Information given section start

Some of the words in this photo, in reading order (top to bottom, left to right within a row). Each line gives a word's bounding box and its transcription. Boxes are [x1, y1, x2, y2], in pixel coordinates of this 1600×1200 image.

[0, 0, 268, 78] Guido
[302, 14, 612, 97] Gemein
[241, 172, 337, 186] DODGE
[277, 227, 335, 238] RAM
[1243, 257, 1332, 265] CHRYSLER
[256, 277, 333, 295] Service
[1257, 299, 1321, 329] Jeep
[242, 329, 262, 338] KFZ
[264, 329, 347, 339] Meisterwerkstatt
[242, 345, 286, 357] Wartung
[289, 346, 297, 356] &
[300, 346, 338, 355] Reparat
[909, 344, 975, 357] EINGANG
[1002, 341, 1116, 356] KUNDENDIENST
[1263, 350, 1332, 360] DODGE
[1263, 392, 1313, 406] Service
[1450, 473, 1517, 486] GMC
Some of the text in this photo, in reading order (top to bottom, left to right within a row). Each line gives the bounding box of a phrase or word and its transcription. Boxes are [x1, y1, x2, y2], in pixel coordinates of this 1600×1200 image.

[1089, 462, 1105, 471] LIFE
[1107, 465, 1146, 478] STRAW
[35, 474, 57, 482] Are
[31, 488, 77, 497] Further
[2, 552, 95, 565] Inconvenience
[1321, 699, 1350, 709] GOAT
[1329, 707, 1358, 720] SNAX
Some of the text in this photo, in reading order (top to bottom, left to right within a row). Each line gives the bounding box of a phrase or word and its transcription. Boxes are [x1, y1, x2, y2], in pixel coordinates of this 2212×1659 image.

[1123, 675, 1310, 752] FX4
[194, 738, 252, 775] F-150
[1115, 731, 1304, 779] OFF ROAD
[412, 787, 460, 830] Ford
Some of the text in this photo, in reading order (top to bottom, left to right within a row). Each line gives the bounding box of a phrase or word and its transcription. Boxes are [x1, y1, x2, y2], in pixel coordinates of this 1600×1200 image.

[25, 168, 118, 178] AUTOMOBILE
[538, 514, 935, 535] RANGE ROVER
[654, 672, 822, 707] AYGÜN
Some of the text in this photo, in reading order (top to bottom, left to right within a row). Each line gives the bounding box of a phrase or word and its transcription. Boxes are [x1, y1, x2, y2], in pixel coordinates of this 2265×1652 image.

Information given section end

→ Task objective: Restate the data above word for word, please.

→ Task answer:
Some of the words in this photo, in reading order (top to bottom, left to right within a row). Each line gives a word's bounding box and its transcription. Boxes are [x1, y1, x2, y2], in pixel coordinates of this 1600×1200 image.

[0, 0, 268, 78] Guido
[302, 14, 612, 97] Gemein
[241, 172, 337, 186] DODGE
[277, 227, 335, 238] RAM
[1243, 257, 1332, 265] CHRYSLER
[256, 277, 333, 295] Service
[1257, 299, 1321, 329] Jeep
[242, 329, 262, 338] KFZ
[264, 329, 347, 339] Meisterwerkstatt
[242, 345, 286, 357] Wartung
[289, 346, 297, 356] &
[300, 346, 338, 355] Reparat
[909, 344, 975, 357] EINGANG
[1002, 341, 1116, 356] KUNDENDIENST
[1263, 350, 1332, 360] DODGE
[1263, 392, 1313, 406] Service
[1450, 473, 1517, 486] GMC
Some of the text in this photo, in reading order (top to bottom, left to right within a row). Each line gives the bounding box of a phrase or word and its transcription. Boxes are [x1, y1, x2, y2], in pixel coordinates of this 1600×1200 image.

[1089, 462, 1105, 471] LIFE
[1107, 465, 1146, 478] STRAW
[35, 474, 57, 482] Are
[31, 488, 77, 497] Further
[2, 552, 95, 565] Inconvenience
[1321, 699, 1350, 709] GOAT
[1329, 707, 1358, 720] SNAX
Some of the text in this photo, in reading order (top to bottom, left to right within a row). Each line gives the bounding box of a phrase or word and its transcription. Boxes are [x1, y1, x2, y2], in pixel coordinates of this 2212×1659 image.

[1123, 675, 1310, 752] FX4
[194, 738, 252, 775] F-150
[1115, 731, 1304, 779] OFF ROAD
[412, 787, 460, 830] Ford
Some of the text in this photo, in reading order (top to bottom, left to right within a row). Each line gives the bounding box of a phrase or word and its transcription. Boxes are [x1, y1, x2, y2], in pixel coordinates of this 1600×1200 image.

[25, 168, 118, 178] AUTOMOBILE
[538, 514, 935, 535] RANGE ROVER
[654, 672, 822, 707] AYGÜN
Some of the text in this photo, in reading order (top to bottom, left to right within a row). Each line gives the bounding box of a phrase or word and its transcription. Boxes are [x1, y1, x2, y2], in pixel coordinates of this 2265×1652 image.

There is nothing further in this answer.